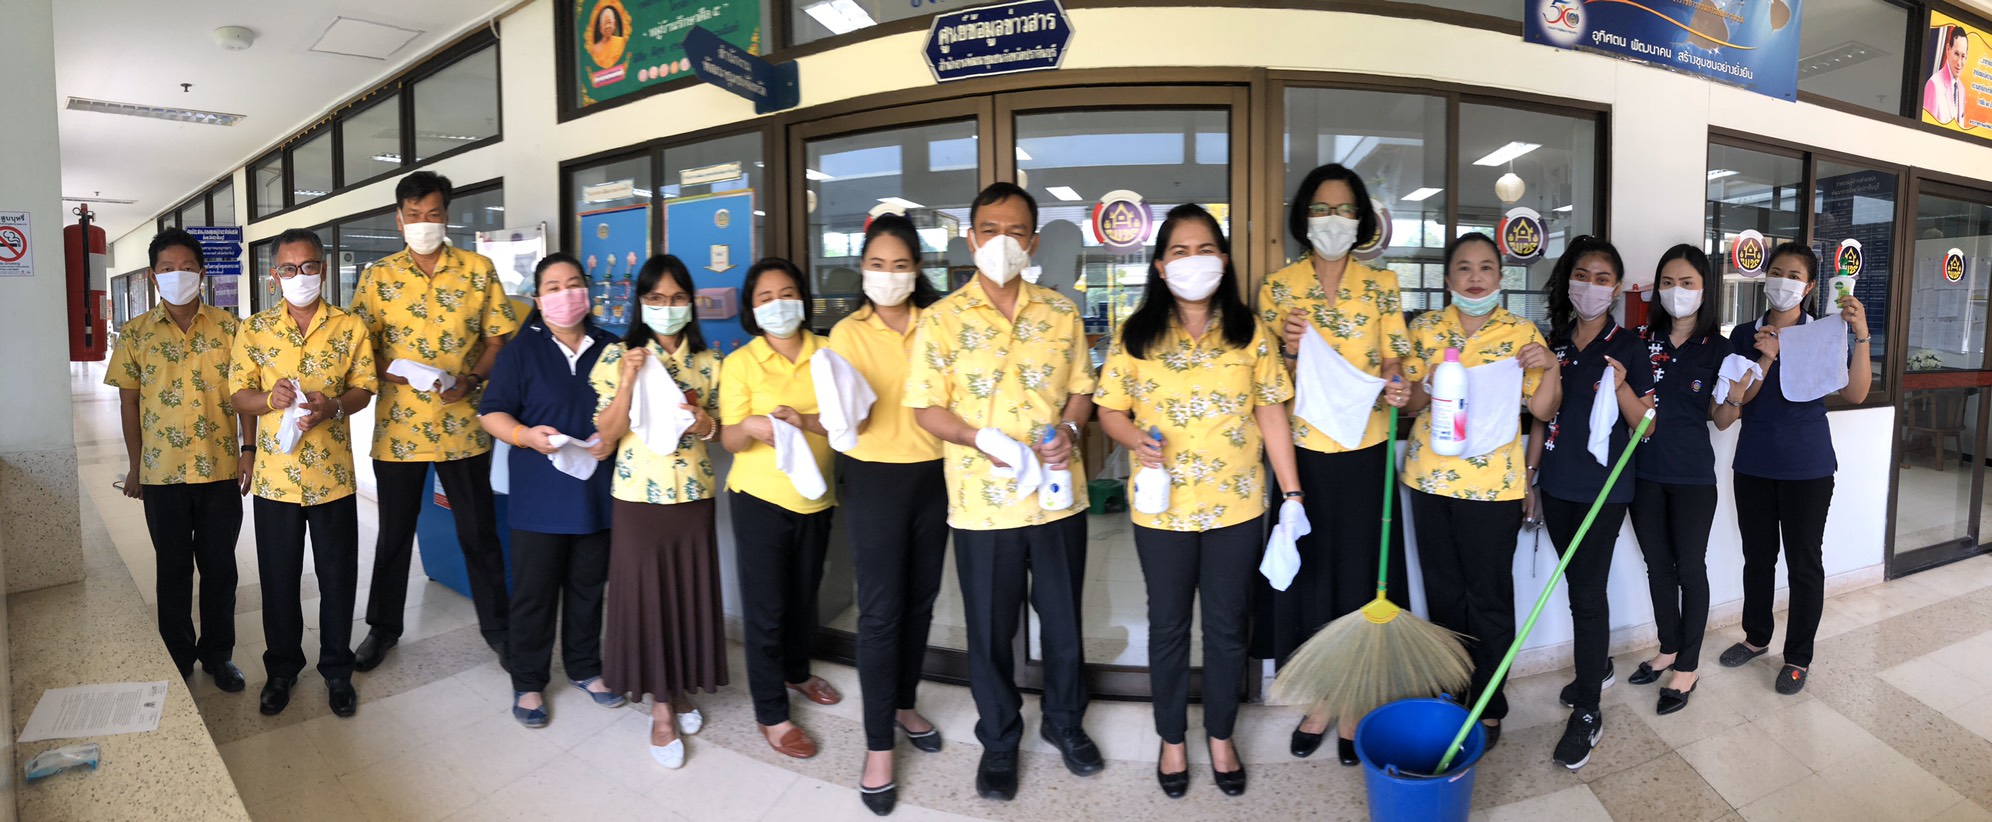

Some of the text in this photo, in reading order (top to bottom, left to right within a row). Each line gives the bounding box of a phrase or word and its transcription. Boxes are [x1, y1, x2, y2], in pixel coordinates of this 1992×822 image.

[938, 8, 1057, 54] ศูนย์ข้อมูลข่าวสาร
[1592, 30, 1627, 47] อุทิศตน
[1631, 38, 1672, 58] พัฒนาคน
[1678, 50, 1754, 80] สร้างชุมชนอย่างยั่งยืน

________________

> TRY IT
Each line of the data above is to be output exactly; the pictures are not to appear.

> SOLUTION TO THIS TASK
Some of the text in this photo, in reading order (top to bottom, left to right within a row). Each line gives the bounding box of a phrase or word and its transcription. Boxes are [x1, y1, x2, y2], in pixel coordinates of this 1992×822 image.

[938, 8, 1057, 54] ศูนย์ข้อมูลข่าวสาร
[1592, 30, 1627, 47] อุทิศตน
[1631, 38, 1672, 58] พัฒนาคน
[1678, 50, 1754, 80] สร้างชุมชนอย่างยั่งยืน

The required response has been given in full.